Sex

The War On Workers’ Religious Liberty

A federal judge in Colorado shows he's open to the argument that employers should be able to dock your insurance benefits because they oppose contraception. If conservatives successfully open this door, expect more attacks on workers' religious freedom.

The war on women advanced dramatically on Friday, when a judge in Colorado issued a preliminary injunction on behalf of an air conditioning and heating business owner who doesn’t want his employees to use contraception. The ruling only applies to this particular business, so it’s not like anyone else is going to be able to start denying insurance benefits to their employees because they disapprove of their sex lives. Still, it’s a worrying development, especially as the judge seemed sympathetic to the idea that an employer can deny benefits to an employee and earned by their work on the basis of religious disapproval of the employee’s private life.
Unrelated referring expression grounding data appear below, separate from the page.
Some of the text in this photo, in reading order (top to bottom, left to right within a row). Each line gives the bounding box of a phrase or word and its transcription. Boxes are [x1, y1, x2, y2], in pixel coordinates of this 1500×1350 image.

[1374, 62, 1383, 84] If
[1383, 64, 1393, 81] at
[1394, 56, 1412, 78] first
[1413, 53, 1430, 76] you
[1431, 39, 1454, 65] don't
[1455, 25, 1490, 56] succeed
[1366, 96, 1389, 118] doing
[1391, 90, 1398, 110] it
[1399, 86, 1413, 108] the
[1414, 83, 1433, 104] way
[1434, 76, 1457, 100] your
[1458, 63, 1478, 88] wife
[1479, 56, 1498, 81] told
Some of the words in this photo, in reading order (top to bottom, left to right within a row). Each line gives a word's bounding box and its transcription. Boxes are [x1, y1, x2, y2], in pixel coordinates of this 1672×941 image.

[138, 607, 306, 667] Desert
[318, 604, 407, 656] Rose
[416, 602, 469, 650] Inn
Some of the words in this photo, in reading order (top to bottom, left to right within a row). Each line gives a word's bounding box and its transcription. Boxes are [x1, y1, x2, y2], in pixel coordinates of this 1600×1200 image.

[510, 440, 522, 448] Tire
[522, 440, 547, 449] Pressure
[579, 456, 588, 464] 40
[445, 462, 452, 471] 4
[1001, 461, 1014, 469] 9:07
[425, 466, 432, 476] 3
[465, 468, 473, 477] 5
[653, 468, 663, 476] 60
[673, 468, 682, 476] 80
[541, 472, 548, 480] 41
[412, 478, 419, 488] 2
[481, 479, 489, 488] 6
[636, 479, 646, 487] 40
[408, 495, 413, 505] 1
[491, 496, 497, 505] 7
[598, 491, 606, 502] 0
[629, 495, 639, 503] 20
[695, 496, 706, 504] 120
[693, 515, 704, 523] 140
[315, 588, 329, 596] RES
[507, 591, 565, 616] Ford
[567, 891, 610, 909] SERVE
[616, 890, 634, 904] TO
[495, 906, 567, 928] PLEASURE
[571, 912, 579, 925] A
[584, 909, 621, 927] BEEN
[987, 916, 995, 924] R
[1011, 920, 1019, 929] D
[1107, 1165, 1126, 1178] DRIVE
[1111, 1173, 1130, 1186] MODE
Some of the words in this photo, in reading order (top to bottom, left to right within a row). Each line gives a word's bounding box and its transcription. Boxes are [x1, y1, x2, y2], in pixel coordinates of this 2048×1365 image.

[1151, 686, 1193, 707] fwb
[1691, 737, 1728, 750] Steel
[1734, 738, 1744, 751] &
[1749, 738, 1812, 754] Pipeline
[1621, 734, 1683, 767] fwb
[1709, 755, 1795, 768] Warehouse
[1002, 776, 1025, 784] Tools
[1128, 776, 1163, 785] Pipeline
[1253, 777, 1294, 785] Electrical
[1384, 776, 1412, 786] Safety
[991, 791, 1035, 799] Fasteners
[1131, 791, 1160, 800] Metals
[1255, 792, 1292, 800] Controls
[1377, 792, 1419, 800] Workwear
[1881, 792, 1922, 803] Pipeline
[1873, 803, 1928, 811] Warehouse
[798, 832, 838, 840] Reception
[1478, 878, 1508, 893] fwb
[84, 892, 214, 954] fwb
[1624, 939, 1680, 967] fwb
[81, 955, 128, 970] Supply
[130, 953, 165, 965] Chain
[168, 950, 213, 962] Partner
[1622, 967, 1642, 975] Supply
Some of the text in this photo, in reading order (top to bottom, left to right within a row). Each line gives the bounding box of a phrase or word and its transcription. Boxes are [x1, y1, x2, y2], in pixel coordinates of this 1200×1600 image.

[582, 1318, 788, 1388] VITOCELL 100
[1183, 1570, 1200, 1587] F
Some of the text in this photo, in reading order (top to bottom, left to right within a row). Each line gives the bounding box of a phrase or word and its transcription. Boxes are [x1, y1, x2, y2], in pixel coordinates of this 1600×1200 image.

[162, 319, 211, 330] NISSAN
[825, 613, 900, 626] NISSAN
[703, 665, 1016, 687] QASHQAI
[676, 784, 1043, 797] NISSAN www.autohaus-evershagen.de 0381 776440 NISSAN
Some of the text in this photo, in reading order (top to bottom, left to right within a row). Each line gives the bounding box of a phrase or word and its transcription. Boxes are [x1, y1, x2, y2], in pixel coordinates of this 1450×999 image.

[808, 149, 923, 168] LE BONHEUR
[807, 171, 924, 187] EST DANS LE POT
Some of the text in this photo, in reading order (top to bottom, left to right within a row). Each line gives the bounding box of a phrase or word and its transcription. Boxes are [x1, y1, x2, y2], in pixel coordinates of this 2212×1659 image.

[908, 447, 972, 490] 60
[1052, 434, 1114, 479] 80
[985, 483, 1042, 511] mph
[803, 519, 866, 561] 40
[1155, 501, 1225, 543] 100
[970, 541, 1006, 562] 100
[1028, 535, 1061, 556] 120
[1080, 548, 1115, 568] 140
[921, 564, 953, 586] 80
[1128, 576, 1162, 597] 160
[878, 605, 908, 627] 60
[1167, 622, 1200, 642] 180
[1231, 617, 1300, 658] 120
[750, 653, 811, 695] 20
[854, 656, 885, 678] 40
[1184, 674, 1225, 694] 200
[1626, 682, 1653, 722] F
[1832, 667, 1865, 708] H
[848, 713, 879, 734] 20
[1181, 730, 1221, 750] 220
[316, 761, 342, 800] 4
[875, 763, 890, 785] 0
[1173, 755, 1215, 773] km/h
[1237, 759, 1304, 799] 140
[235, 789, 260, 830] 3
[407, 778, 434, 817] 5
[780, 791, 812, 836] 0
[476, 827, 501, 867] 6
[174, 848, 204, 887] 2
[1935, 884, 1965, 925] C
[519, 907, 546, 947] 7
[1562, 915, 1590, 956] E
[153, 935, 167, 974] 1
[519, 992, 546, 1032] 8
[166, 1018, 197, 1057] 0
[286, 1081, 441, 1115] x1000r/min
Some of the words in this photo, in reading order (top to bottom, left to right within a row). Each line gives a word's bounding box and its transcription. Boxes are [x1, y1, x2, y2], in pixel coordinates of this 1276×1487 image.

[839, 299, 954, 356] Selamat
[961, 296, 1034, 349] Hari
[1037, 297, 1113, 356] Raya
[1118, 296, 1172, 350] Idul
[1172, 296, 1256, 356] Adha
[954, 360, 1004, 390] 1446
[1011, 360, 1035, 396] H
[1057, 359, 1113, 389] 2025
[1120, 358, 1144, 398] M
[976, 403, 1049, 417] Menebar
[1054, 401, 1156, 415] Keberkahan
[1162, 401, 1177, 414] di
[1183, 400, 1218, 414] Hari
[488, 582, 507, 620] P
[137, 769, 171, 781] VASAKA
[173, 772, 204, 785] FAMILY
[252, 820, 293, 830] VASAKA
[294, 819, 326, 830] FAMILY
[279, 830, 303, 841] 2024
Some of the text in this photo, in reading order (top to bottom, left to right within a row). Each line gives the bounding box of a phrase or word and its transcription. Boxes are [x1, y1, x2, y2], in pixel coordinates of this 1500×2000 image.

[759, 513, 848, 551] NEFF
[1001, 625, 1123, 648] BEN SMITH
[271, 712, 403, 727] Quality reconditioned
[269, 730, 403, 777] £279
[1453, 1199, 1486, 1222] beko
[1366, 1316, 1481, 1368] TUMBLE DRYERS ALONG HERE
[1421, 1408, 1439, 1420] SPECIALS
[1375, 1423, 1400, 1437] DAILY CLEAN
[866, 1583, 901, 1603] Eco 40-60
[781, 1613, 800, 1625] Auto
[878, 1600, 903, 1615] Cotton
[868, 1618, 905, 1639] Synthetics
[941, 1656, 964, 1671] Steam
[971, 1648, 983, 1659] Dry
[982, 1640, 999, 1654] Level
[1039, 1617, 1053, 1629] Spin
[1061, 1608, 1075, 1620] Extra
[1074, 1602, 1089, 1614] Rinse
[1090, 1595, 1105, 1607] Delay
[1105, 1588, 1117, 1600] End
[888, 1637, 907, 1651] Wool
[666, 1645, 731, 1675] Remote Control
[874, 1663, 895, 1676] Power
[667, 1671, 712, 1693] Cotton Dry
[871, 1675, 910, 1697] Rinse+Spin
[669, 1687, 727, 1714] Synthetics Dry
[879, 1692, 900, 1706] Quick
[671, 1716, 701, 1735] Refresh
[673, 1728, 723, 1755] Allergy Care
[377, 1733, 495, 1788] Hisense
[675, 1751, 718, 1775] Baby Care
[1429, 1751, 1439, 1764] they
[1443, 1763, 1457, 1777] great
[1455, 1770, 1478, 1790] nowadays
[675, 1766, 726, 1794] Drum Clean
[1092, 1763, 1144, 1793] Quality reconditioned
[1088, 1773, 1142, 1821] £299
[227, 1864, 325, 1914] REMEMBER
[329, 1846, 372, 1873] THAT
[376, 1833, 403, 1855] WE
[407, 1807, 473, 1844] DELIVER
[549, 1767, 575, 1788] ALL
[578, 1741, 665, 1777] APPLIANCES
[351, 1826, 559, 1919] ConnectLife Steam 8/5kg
This is part of the war on women, of course, but also part of another war: the war of employers on their employees. Chris Bertram, Corey Robin, and Alex Gourevitch co-wrote a piece at Crooked Timber where they explained how the workplace has become the place where human rights go to die.

In addition to abridging freedoms on the job, employers abridge their employees’ freedoms off the job. Employers invade employees’ privacy, demanding that they hand over passwords to their Facebook accounts, and fire them for resisting such invasions. Employers secretly film their employees at home. Workers are fired for supporting the wrong political candidates (“work for John Kerry or work for me”), failing to donate to employer-approved candidates, challenging government officials, writing critiques of religion on their personal blogs (IBM instructs employees to “show proper consideration…for topics that may be considered objectionable or inflammatory—such as politics and religion”), carrying on extramarital affairs, participating in group sex at home, cross-dressing, and more. Workers are punished for smoking or drinking in the privacy of their own homes. (How many nanny states have tried that?) They can be fired for merely thinking about having an abortion, for reporting information that might have averted the Challenger disaster, for being raped by an estranged husband. Again, this is all legal in many states, and in the states where it is illegal, the laws are often weak.

Efforts like the attacks on the contraception mandate are part of a larger conservative push to give employers even more power over the private lives of their employees. Salary and benefits aren’t something that rightfully belongs to the employer, but are something earned by the employee. The point of compensation is that once the employer turns it over to the employee, it’s the employee’s to use as they see fit. If conservatives are successful with this effort, it means opening a huge door where your employer has rights to control the compensation after you’ve earned it. If they can prevent you from using your earned insurance benefits from buying contraception, then what’s the legal reason they can’t extend that power to say that you can’t buy it at all, not with money you made working for them?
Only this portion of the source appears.